巧妙なマーケティングとトレンドの押さえ方

さらにシャトレーゼの好調には2つの理由がある。一つ目は「時代のトレンドを掴んでいること」、二つ目は「安さにこだわる経営戦略」だ。

まずは「時代のトレンドを掴んでいること」について説明したい。2014年のヒット・トレンドのキーワードとしては「良質&低価格」が挙げられる。世の中にモノが溢れた結果、消費者はより低価格のものを買うようになった。そうした流れの中、企業側は“安いながらも質の良いもの”を届けることに力を入れはじめた。結果として、安いということだけでモノが売れることは少なくなり、「良いものなのに安い」が売れる時代になったのだ。

シャトレーゼのアイスクリームは「この商品で、この価格、このクオリティだったらお買い得」と消費者に思わせる魅力がある。同社創業は昭和29年、60年も続く老舗企業だ。もともと人気のアイスクリーム店なのだが、先に挙げた「十勝あずきバー 64円」という事実をみて分かるように、「良いものなのに安い」が支持されるトレンドが後押しし、人気急上昇に繋がったのだ。


価格へのこだわり

二つ目は「安さにこだわった経営戦略」だ。シャトレーゼが店舗の立地場所を郊外のみにするのは、徹底的に価格にこだわりたいからだ。だからこそテナント料がかかるデパートやショッピングモールへの出店は行わなず、都心部や人通りの多い場所での出店も行わないのだ。
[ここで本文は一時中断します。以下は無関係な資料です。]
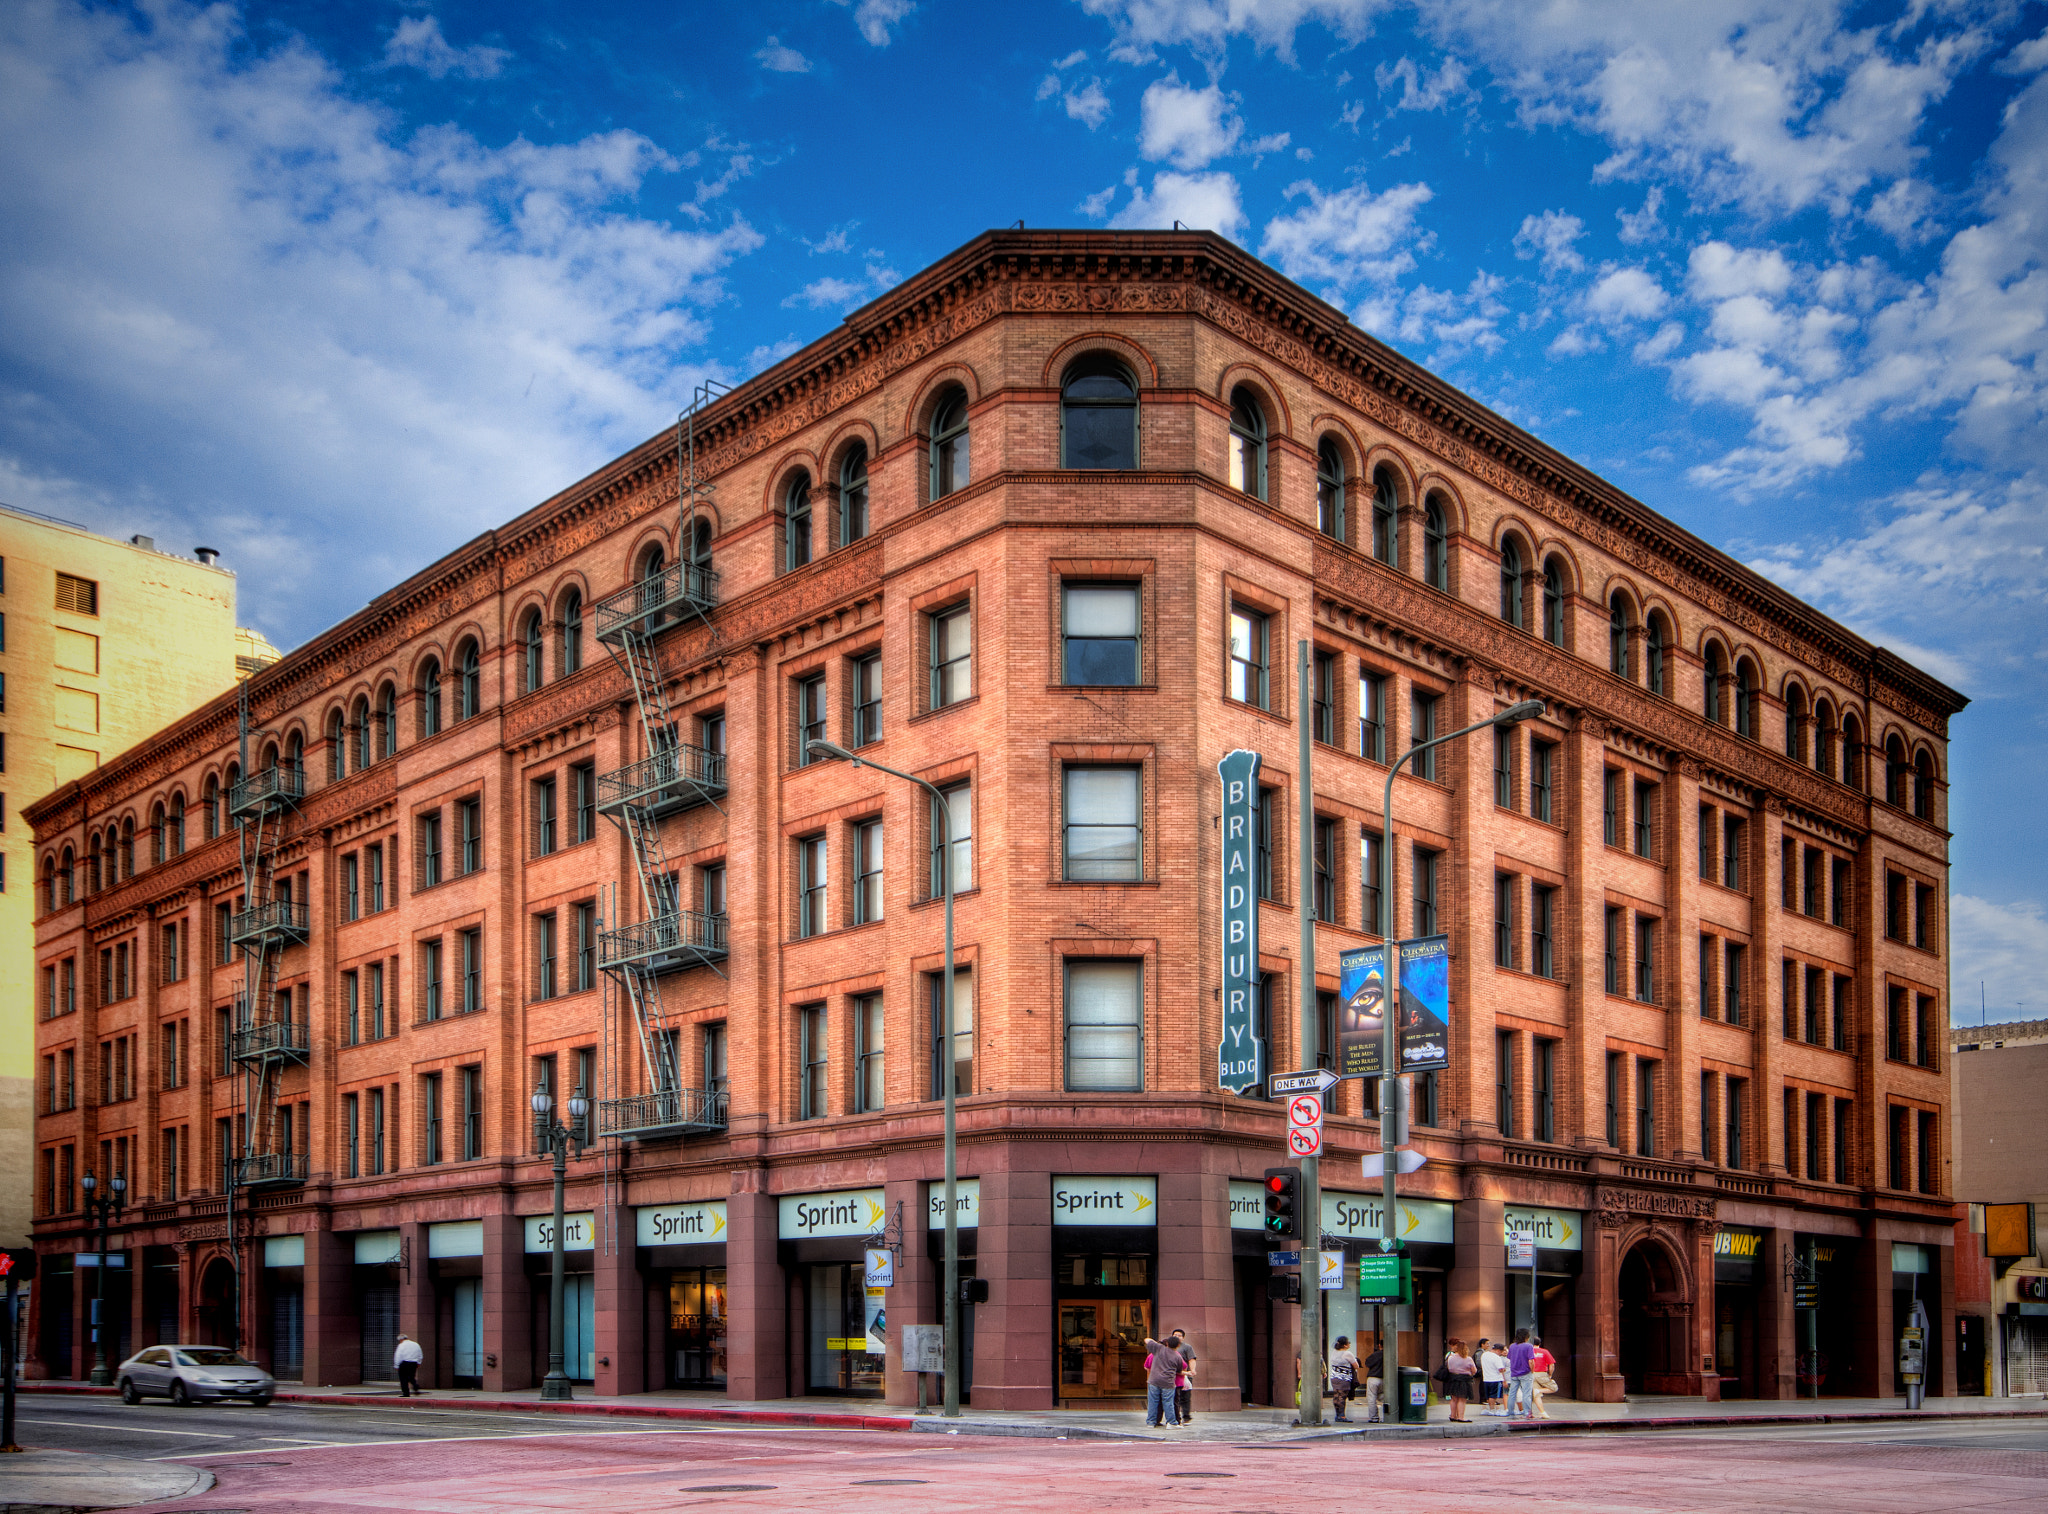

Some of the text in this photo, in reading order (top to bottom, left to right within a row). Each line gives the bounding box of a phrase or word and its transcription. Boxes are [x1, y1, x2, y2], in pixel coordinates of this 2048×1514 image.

これは結果的に別の効果も生んでいる。デパートやショッピングモールならば、お客さんの中に不特定多数の人が増えるため、流行りすたりの不安定要素が増える。しかし、わざわざ交通の便が良くない場所に来てくれるお客さんは、シャトレーゼの魅力を本当に感じてきてもらえるお客なのだ。つまり中長期的に見ても、上客になる確率が高いファンなのだ。

立地場所だけではなく、高い生産性にも徹底的にこだわっている。そのため工場における生産工程では多くのプロセスを機械化している。とにかく「美味しいのに安い」と感じてもらえることにこだわり、ぶれない経営戦略を続けていることがシャトレーゼの好調を支えている2つ目の要因なのだ。


シャトレーゼ人気は続くのか

現在のシャトレーゼ人気は今後も続くのだろうか。答えはYESだ。今やコンビニやイオンのような大型スーパーマーケットが全国各地に存在している。そこには都会でも地方でも同じような製品が並ぶ。また都市部における地方物産展やイベントが増加していることもあり、地方に行かなければ食べられないというものは少なくなってきた。

こうした中、デパートやショッピングモールからの出店要請を頑に拒むシャトレーゼのようなブランドへ消費者の注目は集まっていく。あえて足を運ばないと食べることが出来ないシャトレーゼの人気はますます高まって行くはずだ。人々の旅志向が海外旅行から国内旅行へと変わり、なるべく近場で安く過ごしたい家庭が増える中で、少し遠出をした時に食べられるシャトレーゼの存在は、彼らの思い出の中に根付いていくことだろう。


好調シャトレーゼ、ヒットの方程式

シャトレーゼは時代の波をうまく掴んで成長した。アイスクリーム市場の成長の波を掴んだだけでなく、お菓子業界全般を通し「美味しいのに安い」というヒットのポイントを掴んだのだ。そこに、シャトレーゼの長年に渡るブレない経営を時代が後押ししたことで、今回のヒットが生まれたのだ。アイスクリームだけではない。クリスマス商戦を控えたいま、シャトレーゼの“美味しいのに安い”ケーキはとりわけ消費者の目には魅力的に映るだろう。多くの家庭の食卓にシャトレーゼのケーキが並ぶ光景も想像に難くない。